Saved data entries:
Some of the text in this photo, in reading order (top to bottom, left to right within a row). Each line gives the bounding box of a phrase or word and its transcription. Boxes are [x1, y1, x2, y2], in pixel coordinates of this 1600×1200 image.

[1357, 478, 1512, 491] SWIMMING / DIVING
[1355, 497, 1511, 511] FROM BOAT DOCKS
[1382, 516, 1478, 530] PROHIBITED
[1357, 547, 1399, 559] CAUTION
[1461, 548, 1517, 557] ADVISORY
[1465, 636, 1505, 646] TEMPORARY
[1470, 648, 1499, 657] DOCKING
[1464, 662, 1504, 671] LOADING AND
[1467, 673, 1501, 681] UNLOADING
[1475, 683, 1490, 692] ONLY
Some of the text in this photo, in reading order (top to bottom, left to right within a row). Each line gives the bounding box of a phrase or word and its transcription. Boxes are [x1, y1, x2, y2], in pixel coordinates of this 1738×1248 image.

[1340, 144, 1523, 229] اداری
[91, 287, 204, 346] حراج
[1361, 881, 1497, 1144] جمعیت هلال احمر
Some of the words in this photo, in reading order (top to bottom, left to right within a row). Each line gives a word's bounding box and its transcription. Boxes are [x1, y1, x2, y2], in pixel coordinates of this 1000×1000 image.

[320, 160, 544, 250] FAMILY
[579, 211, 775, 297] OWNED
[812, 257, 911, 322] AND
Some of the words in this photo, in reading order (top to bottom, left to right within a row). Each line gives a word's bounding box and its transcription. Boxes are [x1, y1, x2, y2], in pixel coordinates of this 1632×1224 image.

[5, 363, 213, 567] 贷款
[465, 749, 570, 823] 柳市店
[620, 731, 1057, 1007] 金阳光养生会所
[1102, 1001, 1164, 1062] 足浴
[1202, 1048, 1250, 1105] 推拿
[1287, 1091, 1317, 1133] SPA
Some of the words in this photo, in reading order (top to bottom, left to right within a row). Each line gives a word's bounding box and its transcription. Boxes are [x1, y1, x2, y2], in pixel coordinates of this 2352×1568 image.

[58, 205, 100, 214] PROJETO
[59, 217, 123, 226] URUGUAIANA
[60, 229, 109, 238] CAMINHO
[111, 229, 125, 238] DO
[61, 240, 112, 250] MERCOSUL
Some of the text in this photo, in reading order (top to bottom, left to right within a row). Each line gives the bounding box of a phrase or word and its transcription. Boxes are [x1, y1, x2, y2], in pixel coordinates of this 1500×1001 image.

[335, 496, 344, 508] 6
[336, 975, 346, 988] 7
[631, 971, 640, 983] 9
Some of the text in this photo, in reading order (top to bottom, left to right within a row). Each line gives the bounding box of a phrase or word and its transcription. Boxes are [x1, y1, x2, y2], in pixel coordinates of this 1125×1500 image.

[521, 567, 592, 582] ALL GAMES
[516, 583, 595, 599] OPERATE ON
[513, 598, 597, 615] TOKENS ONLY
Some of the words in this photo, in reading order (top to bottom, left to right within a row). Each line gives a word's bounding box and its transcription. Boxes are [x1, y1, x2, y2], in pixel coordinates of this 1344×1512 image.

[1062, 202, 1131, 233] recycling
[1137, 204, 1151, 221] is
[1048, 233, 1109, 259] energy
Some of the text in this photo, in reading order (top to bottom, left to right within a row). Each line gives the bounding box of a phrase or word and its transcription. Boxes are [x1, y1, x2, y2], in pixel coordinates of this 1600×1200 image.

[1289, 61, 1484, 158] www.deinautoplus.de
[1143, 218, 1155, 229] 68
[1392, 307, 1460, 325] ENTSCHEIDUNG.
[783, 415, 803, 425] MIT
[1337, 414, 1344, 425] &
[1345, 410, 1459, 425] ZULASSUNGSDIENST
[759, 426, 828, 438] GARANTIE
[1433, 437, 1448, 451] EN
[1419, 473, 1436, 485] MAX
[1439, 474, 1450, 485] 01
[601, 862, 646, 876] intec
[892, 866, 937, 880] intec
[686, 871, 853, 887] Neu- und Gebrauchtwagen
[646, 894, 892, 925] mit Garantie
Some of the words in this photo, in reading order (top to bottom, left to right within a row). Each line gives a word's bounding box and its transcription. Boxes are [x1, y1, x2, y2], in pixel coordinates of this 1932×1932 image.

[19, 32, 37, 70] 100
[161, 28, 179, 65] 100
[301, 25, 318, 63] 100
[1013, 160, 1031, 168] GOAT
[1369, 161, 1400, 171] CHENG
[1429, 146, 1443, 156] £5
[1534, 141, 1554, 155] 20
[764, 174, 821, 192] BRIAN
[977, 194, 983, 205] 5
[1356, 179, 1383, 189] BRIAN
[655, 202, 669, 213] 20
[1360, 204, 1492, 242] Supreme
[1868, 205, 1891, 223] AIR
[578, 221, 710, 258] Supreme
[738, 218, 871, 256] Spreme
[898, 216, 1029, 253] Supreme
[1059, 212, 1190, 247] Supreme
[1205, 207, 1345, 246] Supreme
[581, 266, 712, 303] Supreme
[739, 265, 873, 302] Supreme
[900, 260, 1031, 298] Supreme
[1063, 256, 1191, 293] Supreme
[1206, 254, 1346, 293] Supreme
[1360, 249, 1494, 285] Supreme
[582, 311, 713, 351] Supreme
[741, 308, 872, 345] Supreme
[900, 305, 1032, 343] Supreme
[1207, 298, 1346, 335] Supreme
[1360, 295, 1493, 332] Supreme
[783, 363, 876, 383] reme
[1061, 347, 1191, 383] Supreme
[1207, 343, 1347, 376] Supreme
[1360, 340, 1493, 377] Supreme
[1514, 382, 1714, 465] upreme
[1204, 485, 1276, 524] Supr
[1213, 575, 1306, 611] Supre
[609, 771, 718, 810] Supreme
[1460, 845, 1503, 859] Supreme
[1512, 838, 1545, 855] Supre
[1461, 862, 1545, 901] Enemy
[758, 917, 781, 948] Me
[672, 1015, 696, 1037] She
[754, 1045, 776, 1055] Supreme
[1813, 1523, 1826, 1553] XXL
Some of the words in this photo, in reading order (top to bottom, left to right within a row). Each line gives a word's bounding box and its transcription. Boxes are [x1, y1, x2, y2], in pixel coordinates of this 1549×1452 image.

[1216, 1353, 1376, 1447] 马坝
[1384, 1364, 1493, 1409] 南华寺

• [THE PROBLEM]: What you return must match the records above exactly, line for line.

• [YOUR RESPONSE]:
Some of the text in this photo, in reading order (top to bottom, left to right within a row). Each line gives the bounding box of a phrase or word and its transcription. Boxes are [x1, y1, x2, y2], in pixel coordinates of this 1600×1200 image.

[1357, 478, 1512, 491] SWIMMING / DIVING
[1355, 497, 1511, 511] FROM BOAT DOCKS
[1382, 516, 1478, 530] PROHIBITED
[1357, 547, 1399, 559] CAUTION
[1461, 548, 1517, 557] ADVISORY
[1465, 636, 1505, 646] TEMPORARY
[1470, 648, 1499, 657] DOCKING
[1464, 662, 1504, 671] LOADING AND
[1467, 673, 1501, 681] UNLOADING
[1475, 683, 1490, 692] ONLY
Some of the text in this photo, in reading order (top to bottom, left to right within a row). Each line gives the bounding box of a phrase or word and its transcription. Boxes are [x1, y1, x2, y2], in pixel coordinates of this 1738×1248 image.

[1340, 144, 1523, 229] اداری
[91, 287, 204, 346] حراج
[1361, 881, 1497, 1144] جمعیت هلال احمر
Some of the words in this photo, in reading order (top to bottom, left to right within a row). Each line gives a word's bounding box and its transcription. Boxes are [x1, y1, x2, y2], in pixel coordinates of this 1000×1000 image.

[320, 160, 544, 250] FAMILY
[579, 211, 775, 297] OWNED
[812, 257, 911, 322] AND
Some of the words in this photo, in reading order (top to bottom, left to right within a row). Each line gives a word's bounding box and its transcription. Boxes are [x1, y1, x2, y2], in pixel coordinates of this 1632×1224 image.

[5, 363, 213, 567] 贷款
[465, 749, 570, 823] 柳市店
[620, 731, 1057, 1007] 金阳光养生会所
[1102, 1001, 1164, 1062] 足浴
[1202, 1048, 1250, 1105] 推拿
[1287, 1091, 1317, 1133] SPA
Some of the words in this photo, in reading order (top to bottom, left to right within a row). Each line gives a word's bounding box and its transcription. Boxes are [x1, y1, x2, y2], in pixel coordinates of this 2352×1568 image.

[58, 205, 100, 214] PROJETO
[59, 217, 123, 226] URUGUAIANA
[60, 229, 109, 238] CAMINHO
[111, 229, 125, 238] DO
[61, 240, 112, 250] MERCOSUL
Some of the text in this photo, in reading order (top to bottom, left to right within a row). Each line gives the bounding box of a phrase or word and its transcription. Boxes are [x1, y1, x2, y2], in pixel coordinates of this 1500×1001 image.

[335, 496, 344, 508] 6
[336, 975, 346, 988] 7
[631, 971, 640, 983] 9
Some of the text in this photo, in reading order (top to bottom, left to right within a row). Each line gives the bounding box of a phrase or word and its transcription. Boxes are [x1, y1, x2, y2], in pixel coordinates of this 1125×1500 image.

[521, 567, 592, 582] ALL GAMES
[516, 583, 595, 599] OPERATE ON
[513, 598, 597, 615] TOKENS ONLY
Some of the words in this photo, in reading order (top to bottom, left to right within a row). Each line gives a word's bounding box and its transcription. Boxes are [x1, y1, x2, y2], in pixel coordinates of this 1344×1512 image.

[1062, 202, 1131, 233] recycling
[1137, 204, 1151, 221] is
[1048, 233, 1109, 259] energy
Some of the text in this photo, in reading order (top to bottom, left to right within a row). Each line gives the bounding box of a phrase or word and its transcription. Boxes are [x1, y1, x2, y2], in pixel coordinates of this 1600×1200 image.

[1289, 61, 1484, 158] www.deinautoplus.de
[1143, 218, 1155, 229] 68
[1392, 307, 1460, 325] ENTSCHEIDUNG.
[783, 415, 803, 425] MIT
[1337, 414, 1344, 425] &
[1345, 410, 1459, 425] ZULASSUNGSDIENST
[759, 426, 828, 438] GARANTIE
[1433, 437, 1448, 451] EN
[1419, 473, 1436, 485] MAX
[1439, 474, 1450, 485] 01
[601, 862, 646, 876] intec
[892, 866, 937, 880] intec
[686, 871, 853, 887] Neu- und Gebrauchtwagen
[646, 894, 892, 925] mit Garantie
Some of the words in this photo, in reading order (top to bottom, left to right within a row). Each line gives a word's bounding box and its transcription. Boxes are [x1, y1, x2, y2], in pixel coordinates of this 1932×1932 image.

[19, 32, 37, 70] 100
[161, 28, 179, 65] 100
[301, 25, 318, 63] 100
[1013, 160, 1031, 168] GOAT
[1369, 161, 1400, 171] CHENG
[1429, 146, 1443, 156] £5
[1534, 141, 1554, 155] 20
[764, 174, 821, 192] BRIAN
[977, 194, 983, 205] 5
[1356, 179, 1383, 189] BRIAN
[655, 202, 669, 213] 20
[1360, 204, 1492, 242] Supreme
[1868, 205, 1891, 223] AIR
[578, 221, 710, 258] Supreme
[738, 218, 871, 256] Spreme
[898, 216, 1029, 253] Supreme
[1059, 212, 1190, 247] Supreme
[1205, 207, 1345, 246] Supreme
[581, 266, 712, 303] Supreme
[739, 265, 873, 302] Supreme
[900, 260, 1031, 298] Supreme
[1063, 256, 1191, 293] Supreme
[1206, 254, 1346, 293] Supreme
[1360, 249, 1494, 285] Supreme
[582, 311, 713, 351] Supreme
[741, 308, 872, 345] Supreme
[900, 305, 1032, 343] Supreme
[1207, 298, 1346, 335] Supreme
[1360, 295, 1493, 332] Supreme
[783, 363, 876, 383] reme
[1061, 347, 1191, 383] Supreme
[1207, 343, 1347, 376] Supreme
[1360, 340, 1493, 377] Supreme
[1514, 382, 1714, 465] upreme
[1204, 485, 1276, 524] Supr
[1213, 575, 1306, 611] Supre
[609, 771, 718, 810] Supreme
[1460, 845, 1503, 859] Supreme
[1512, 838, 1545, 855] Supre
[1461, 862, 1545, 901] Enemy
[758, 917, 781, 948] Me
[672, 1015, 696, 1037] She
[754, 1045, 776, 1055] Supreme
[1813, 1523, 1826, 1553] XXL
Some of the words in this photo, in reading order (top to bottom, left to right within a row). Each line gives a word's bounding box and its transcription. Boxes are [x1, y1, x2, y2], in pixel coordinates of this 1549×1452 image.

[1216, 1353, 1376, 1447] 马坝
[1384, 1364, 1493, 1409] 南华寺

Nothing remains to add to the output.